The Dragon twisted in Matthew's breast.
Bitch.
It was your idea.
"Which one of you is working with the Fae?"

Felix sipped the drink. Lagavulin. Not his
favorite. "You can't
give
me New York." "Why not? You
blamed me for taking it for long enough. Fine. Fuck it. I'm giving it
back." "Oh. If only. What would it cost me?"

"Leave Jane. Save her life. She can't
duel without you — "

"Save Christopher's life, you mean.
If Jane doesn't default, she'll destroy him. It's
Rossville.
What's an
Elizabethan poet going to do with that?"

"That too," Matthew said.
"What do you owe Jane?"

"Nothing. What do I owe you?"

"Nothing."

"Well then," Felix said.
"Thirsty?" He held the whiskey up beside his head. Matthew didn't
take it. Felix sipped again, and let the silence hang.

"Why?" Matthew said.

Felix thought it over, rolled the question
like a jewel in his hand. "Because I believe in humanity," he said.
"Because Faerie and magic are about being
born
special, being born
gifted, like you. Being chosen. Not about what you do, but who you are."
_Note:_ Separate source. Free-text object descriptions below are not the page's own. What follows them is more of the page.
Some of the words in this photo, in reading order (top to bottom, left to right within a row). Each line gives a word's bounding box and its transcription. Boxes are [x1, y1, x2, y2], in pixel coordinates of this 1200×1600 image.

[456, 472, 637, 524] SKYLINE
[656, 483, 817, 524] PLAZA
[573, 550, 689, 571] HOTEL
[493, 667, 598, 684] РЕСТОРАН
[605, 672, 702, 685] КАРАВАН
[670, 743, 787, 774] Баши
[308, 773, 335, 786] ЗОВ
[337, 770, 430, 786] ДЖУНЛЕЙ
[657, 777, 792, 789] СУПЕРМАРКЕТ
"I wish it wasn't," Matthew
answered.

"And Prometheus could be the
opposite," Felix continued, rolling over him. "And Christopher won't make
it that."

This time, Matthew took the glass out of
Felix's hand.

The whiskey tasted of ancient waters and
thoughtful decay, rich, sweet, fiery all at once, layered with smoke and mist
and soil and life and the faint tannic tickle of bitterness. He rolled it over
his tongue, and drank it down.

Don't worry," Felix said, getting up
to fetch another glass. "There's more where that came from." Believe
me, I know." Matthew breathed out across his tongue. "All right. How
does it end?"

Felix unstoppered the decanter, which did
not match the glasses. “ ‘And they all lived happily ever after.' "

Matthew snorted into the tumbler. His
breath rang like wind through a bell. "Right, Felix. You, and your little
dog Toto too. Seriously. You wanted to tell me how it ends. I'm asking."
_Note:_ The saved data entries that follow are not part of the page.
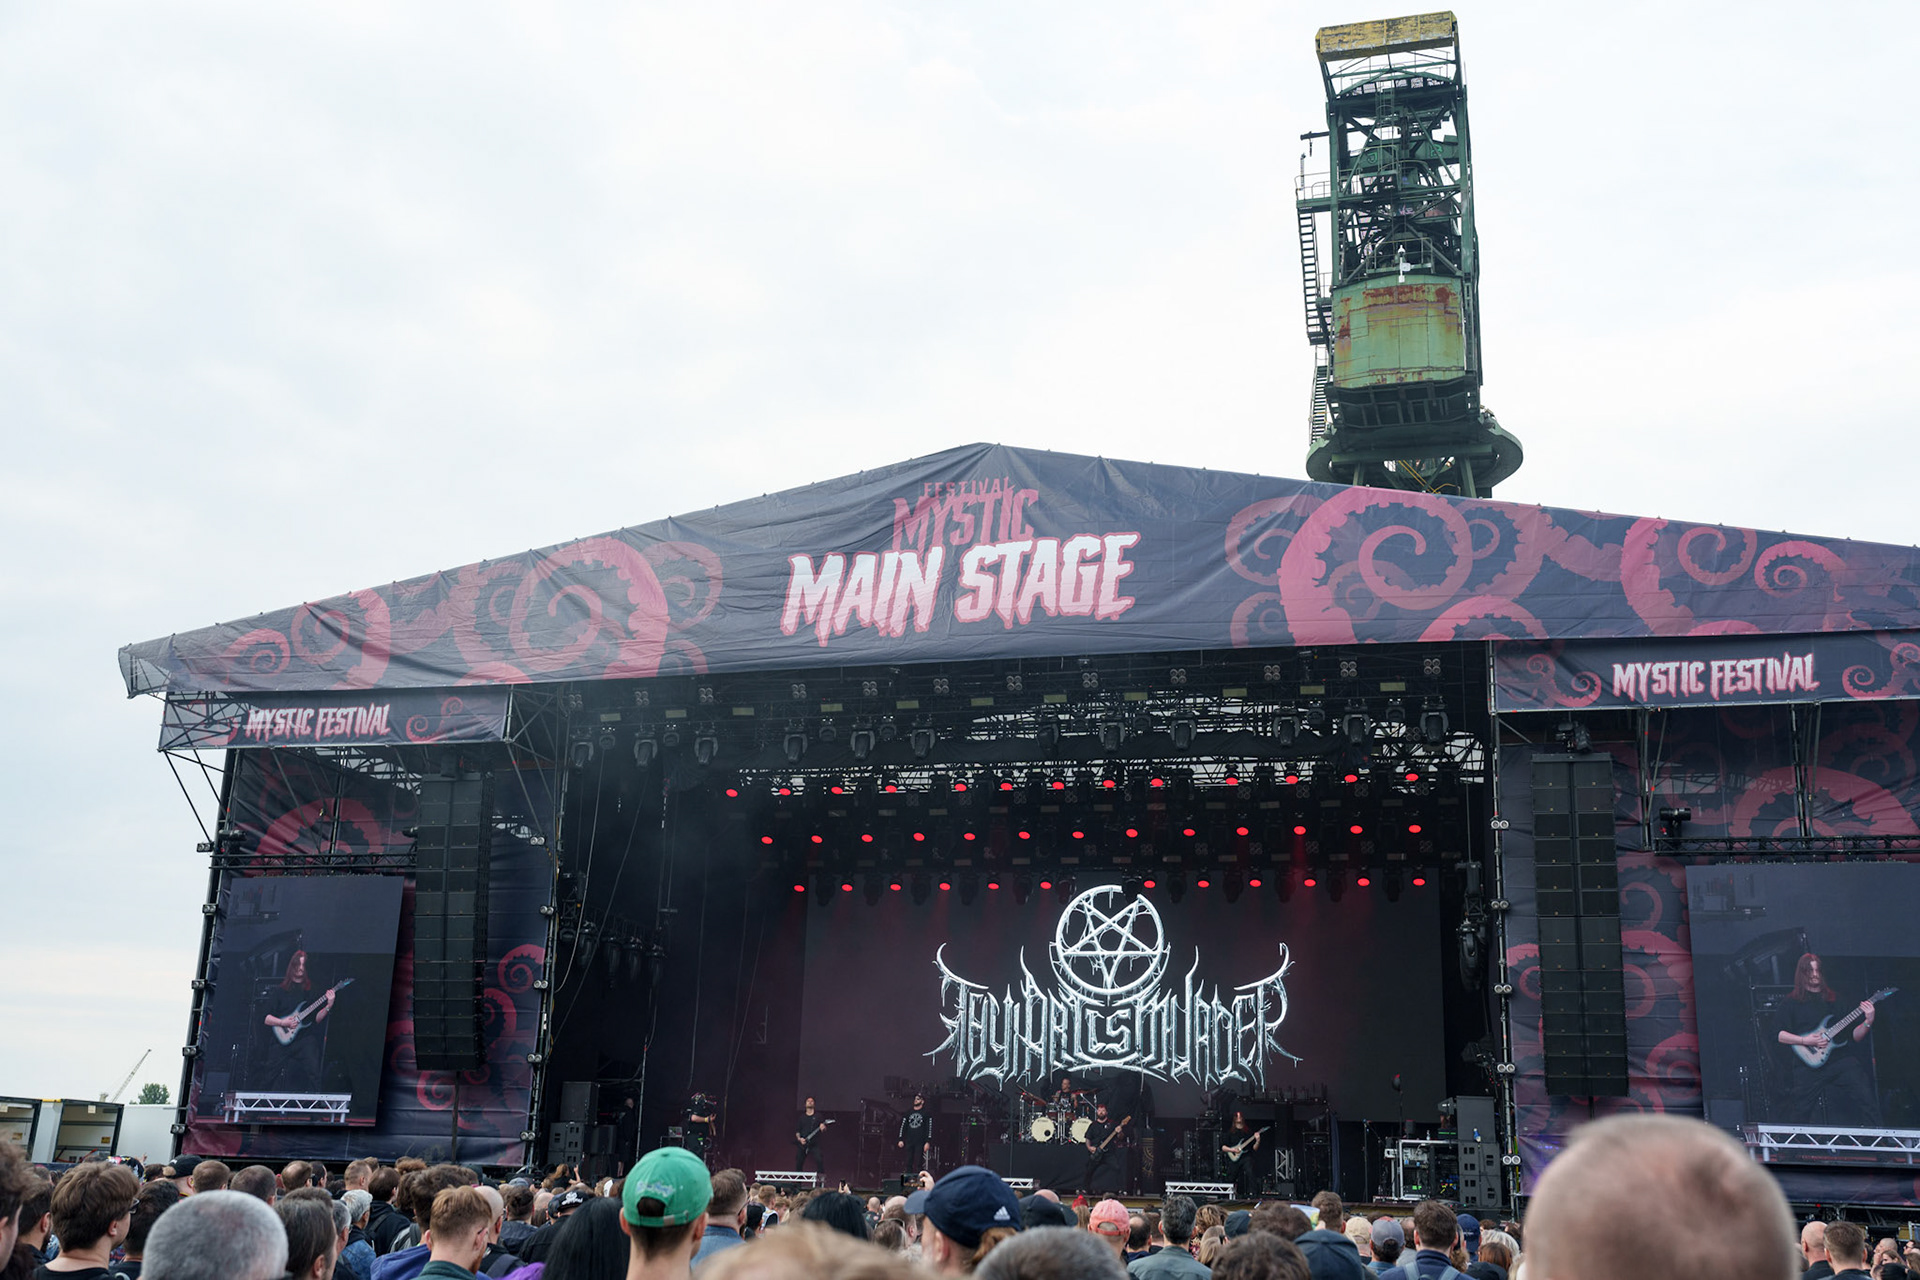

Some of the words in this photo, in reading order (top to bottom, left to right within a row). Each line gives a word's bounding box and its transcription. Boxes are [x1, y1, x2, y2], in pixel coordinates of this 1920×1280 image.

[924, 477, 1016, 498] FESTIVAL
[892, 488, 1039, 554] MYSTIC
[780, 546, 945, 648] MAIN
[954, 532, 1141, 629] STAGE
[1612, 661, 1705, 701] MYSTIC
[1709, 652, 1820, 701] FESTIVAL
[245, 708, 312, 742] MYSTIC
[315, 703, 391, 742] FESTIVAL
Felix turned around, the whiskey in his
glass glowing like amber in the sun. Aeons, trapped in resinous light. Ancient
history in his hand. "Have a pen?"

"Not on me."

"I've got one, then."

Matthew watched Felix set the glass on the
bar cart and carefully uncap his fountain pen. It was a Waterman, not very
expensive, a practical rather than an ostentatious choice. It wrote like
gliding silk across your hand.

He dipped the nib in the whiskey, slowly,
and lifted it from a translucent blue coil as bright as a swirl in a
blown-glass ornament. Matthew came to him, put his glass down, and stretched
out his left hand to take the pen, careful not to shake it. A thick cobalt
droplet shivered at the tip. His handwriting was awkward now.
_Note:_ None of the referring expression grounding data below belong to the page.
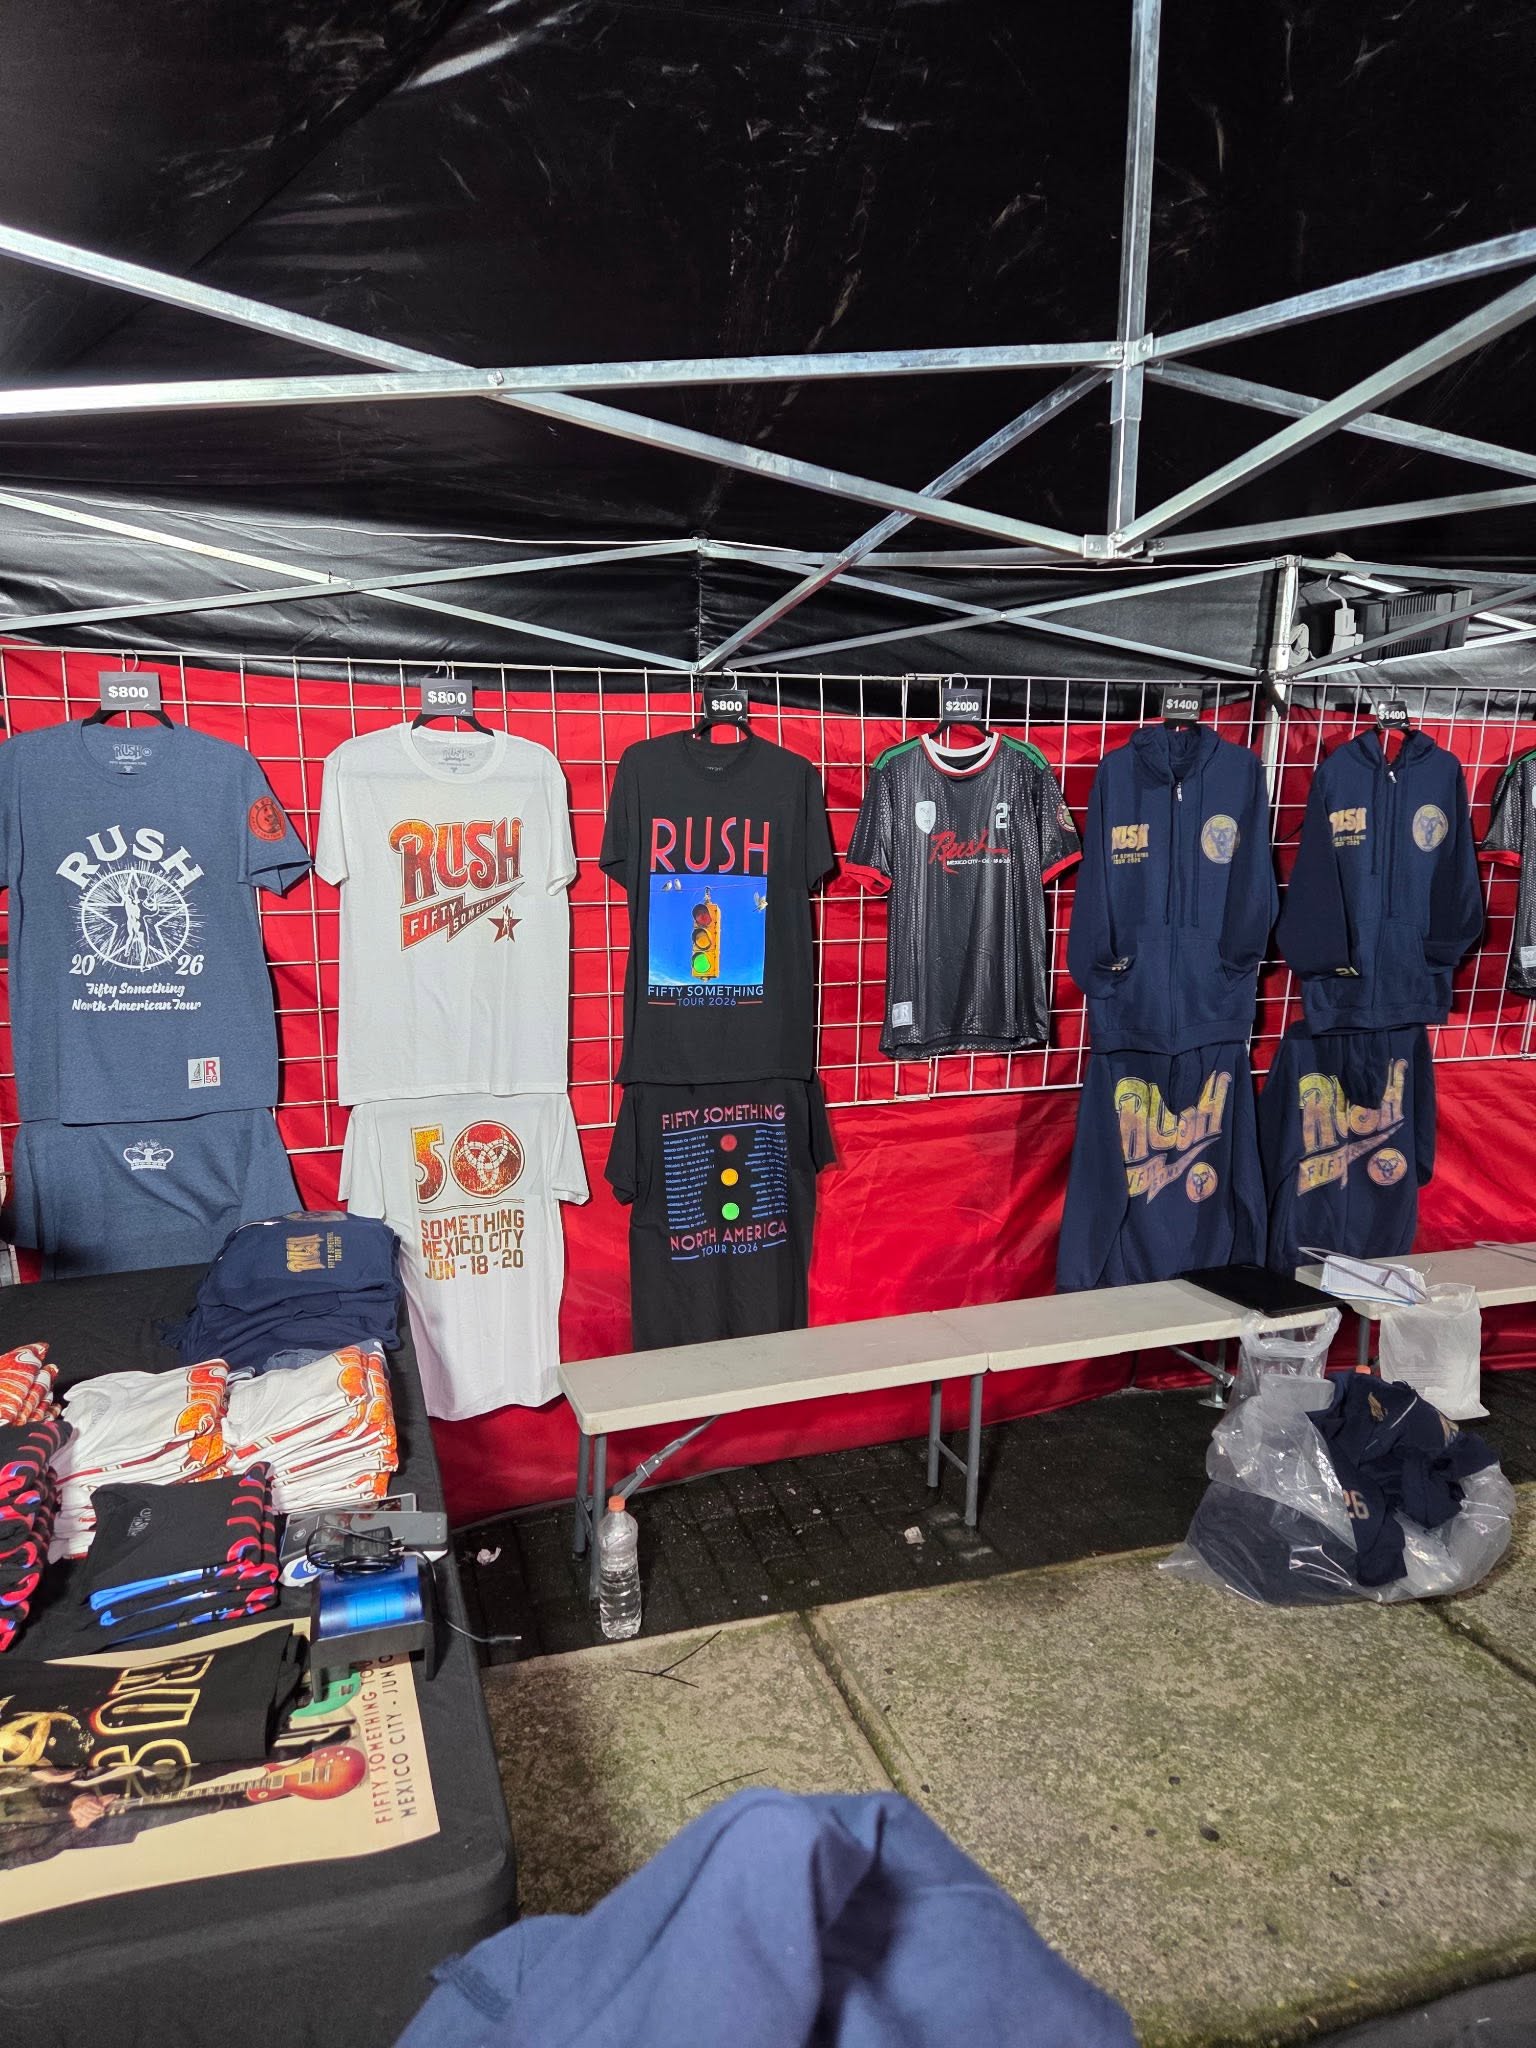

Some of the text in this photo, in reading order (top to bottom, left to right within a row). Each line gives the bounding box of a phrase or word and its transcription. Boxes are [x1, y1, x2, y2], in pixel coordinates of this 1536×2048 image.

[108, 685, 149, 698] $800
[427, 690, 467, 705] $800
[711, 699, 743, 712] $800
[944, 700, 979, 713] $2000
[1165, 698, 1199, 711] $1400
[1378, 710, 1406, 720] $1400
[113, 743, 142, 760] RUSH
[650, 816, 770, 875] RUSH
[928, 825, 1009, 876] Rush
[56, 824, 204, 891] RUSH
[388, 816, 524, 909] RUSH
[410, 901, 457, 937] FIFTY
[69, 953, 205, 976] 20 26
[86, 982, 185, 997] Fifty Something
[647, 985, 764, 997] FIFTY SOMETHING
[72, 998, 202, 1012] North American Tour
[676, 996, 737, 1007] TOUR 2026
[205, 1060, 217, 1076] R
[206, 1075, 218, 1084] 50
[661, 1103, 786, 1130] FIFTY SOMETHING
[420, 1208, 525, 1240] SOMETHING
[421, 1228, 525, 1261] MEXICO CITY
[670, 1220, 788, 1252] NORTH AMERICA
[701, 1242, 759, 1258] TOUR 2026
[424, 1258, 456, 1281] JUN
[470, 1254, 489, 1275] 18
[501, 1248, 524, 1269] 20
[362, 1690, 387, 1773] SOMETHING
[386, 1711, 406, 1745] CITY
[391, 1752, 417, 1819] MEXICO
[371, 1781, 393, 1825] FIFTY
He wrote his name on a card, while Felix
struck a light. A white candle's wick flared against the match, and then Felix
shook it out. He took the Waterman from Matthew's hand and signed his own name
before capping the pen. The ink was pale, diluted, wetly feathering into the
card.

Felix poured half the tinted whiskey into
Matthew's tumbler. Together, they took up the card—Matthew pinching a corner
painfully, Felix supporting his hand —and set the edge in the flame. They held
it up, rills of brightness lapping the paper as the edge curled into soot, and
each hefted his glass. Matthew's eyes never left Felix's face.